“Climate change between 2030 and 2050 is expected to cause about 250,000 deaths”: the alarm raised by the World Health Organization
On the first day of the 2022 United Nations Conference on Climate Change (COP27) in Sharm El Sheikh, Egypt,World Health Organization A new climate alarm has been raised.
In a “bleak reminder,” the WHO issued a stern warning about the need to act now, seizing COP27 as a “critical opportunity for the world to come together and commit once again to keeping the goal of the Paris Agreement alive.” That is, to contain global warming as much as possible within 1.5 degrees percentage.
The World Health Organization stressed that “between 2030 and 2050, it is expected that there will be Climate change will lead to about 250,000 additional deaths each year due to malnutrition” and diseases such as “malaria and diarrhea” and “heat stress”.
But that’s not all: “It is estimated that by 2030, the direct damage costs of ‘climate change’ alone to health will be between $2 and $4 billion a year.”
Warning from the World Health Organization: “The climate crisis is already affecting people’s health and will continue to do so at an accelerated pace, unless urgent action is taken.”
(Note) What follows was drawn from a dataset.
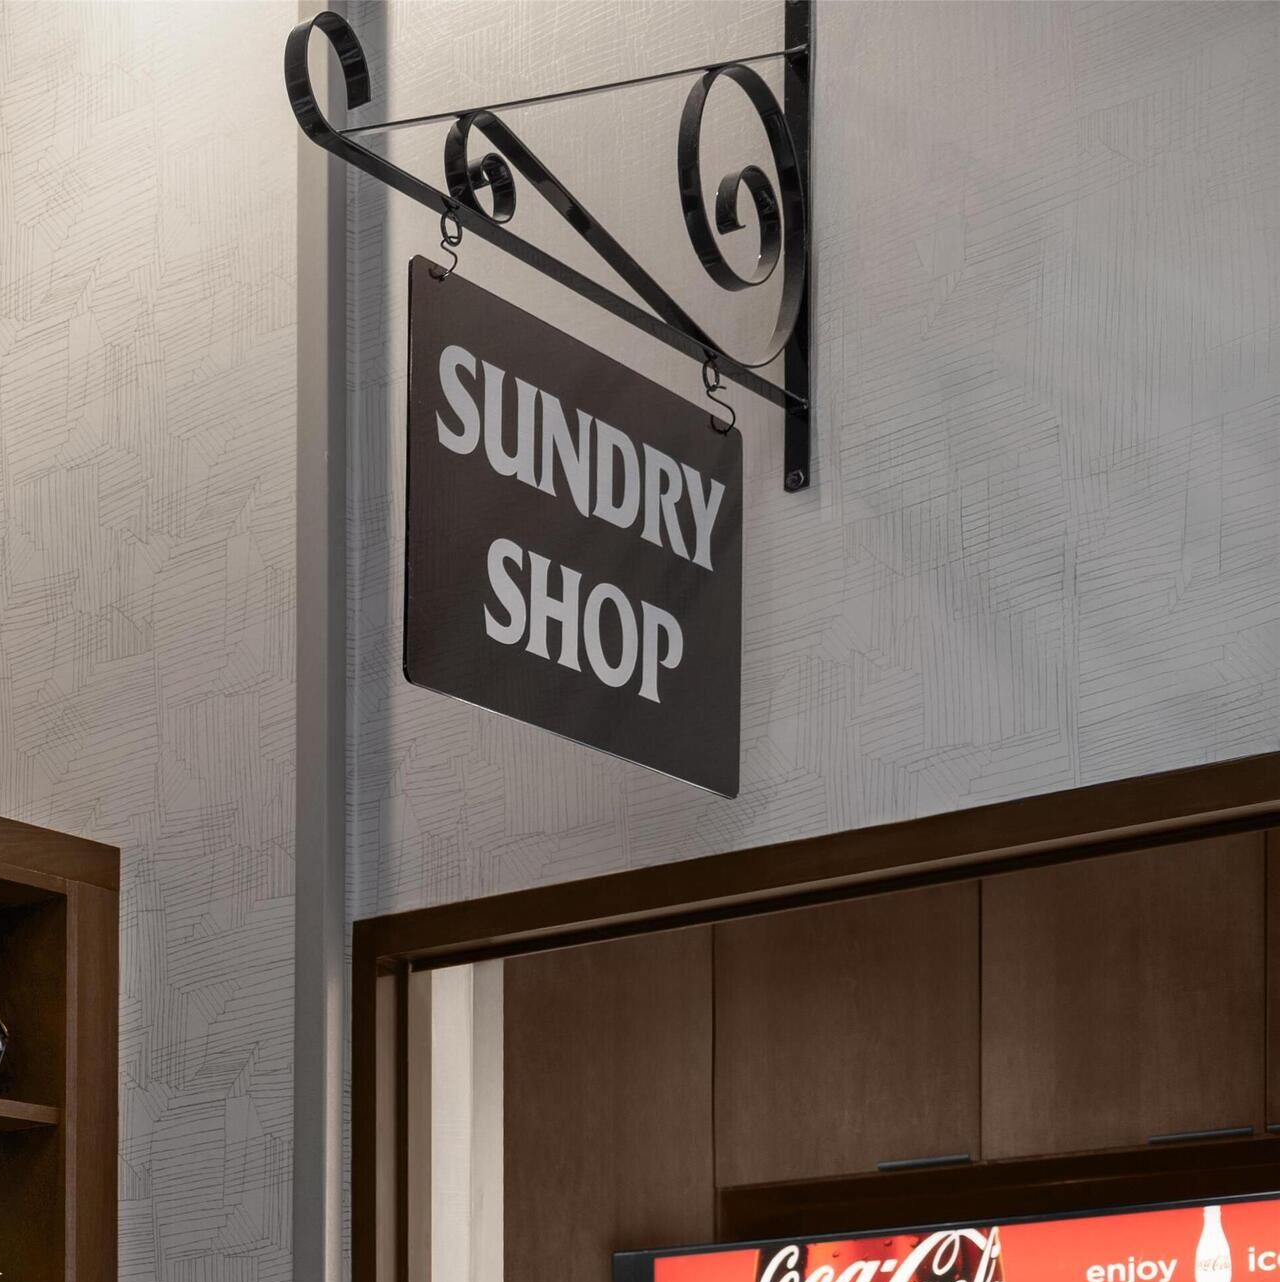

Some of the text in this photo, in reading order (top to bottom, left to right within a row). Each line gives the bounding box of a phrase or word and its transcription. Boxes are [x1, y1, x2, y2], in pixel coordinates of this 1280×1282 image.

[436, 345, 726, 572] SUNDRY
[484, 537, 684, 704] SHOP
[1248, 1246, 1280, 1272] ic
Director of the World Health Organization, Tedros Adhanom GhebreyesusHe explained, “Climate change is making millions around the world sick or more vulnerable to disease. Increasingly devastating weather events disproportionately affect poor and marginalized communities. It is imperative that leaders and policymakers come together to put health at the center of their negotiations.”
Director of the World Health Organization, Tedros Adhanom Ghebreyesus.
There is “hope” according to the World Health Organization
The World Health Organization itself, however, specified that “there is room for hopefullEspecially if governments now act to fulfill the commitments made in Glasgow in November 2021.”
The World Health Organization noted that “the cost of renewable energy has decreased significantly in recent years” and that, for example, “solar energy is now cheaper than coal or gas in most major economies”.
The World Health Organization has asked governments to “move forward with a fair, equitable and rapid phase-out of fossil fuels and a transition to a clean energy future”. On the decarbonization front, the agency proposed a “fossil fuel non-proliferation treaty, to phase out coal and the like,” which “would represent one of the most important contributions to climate change mitigation.”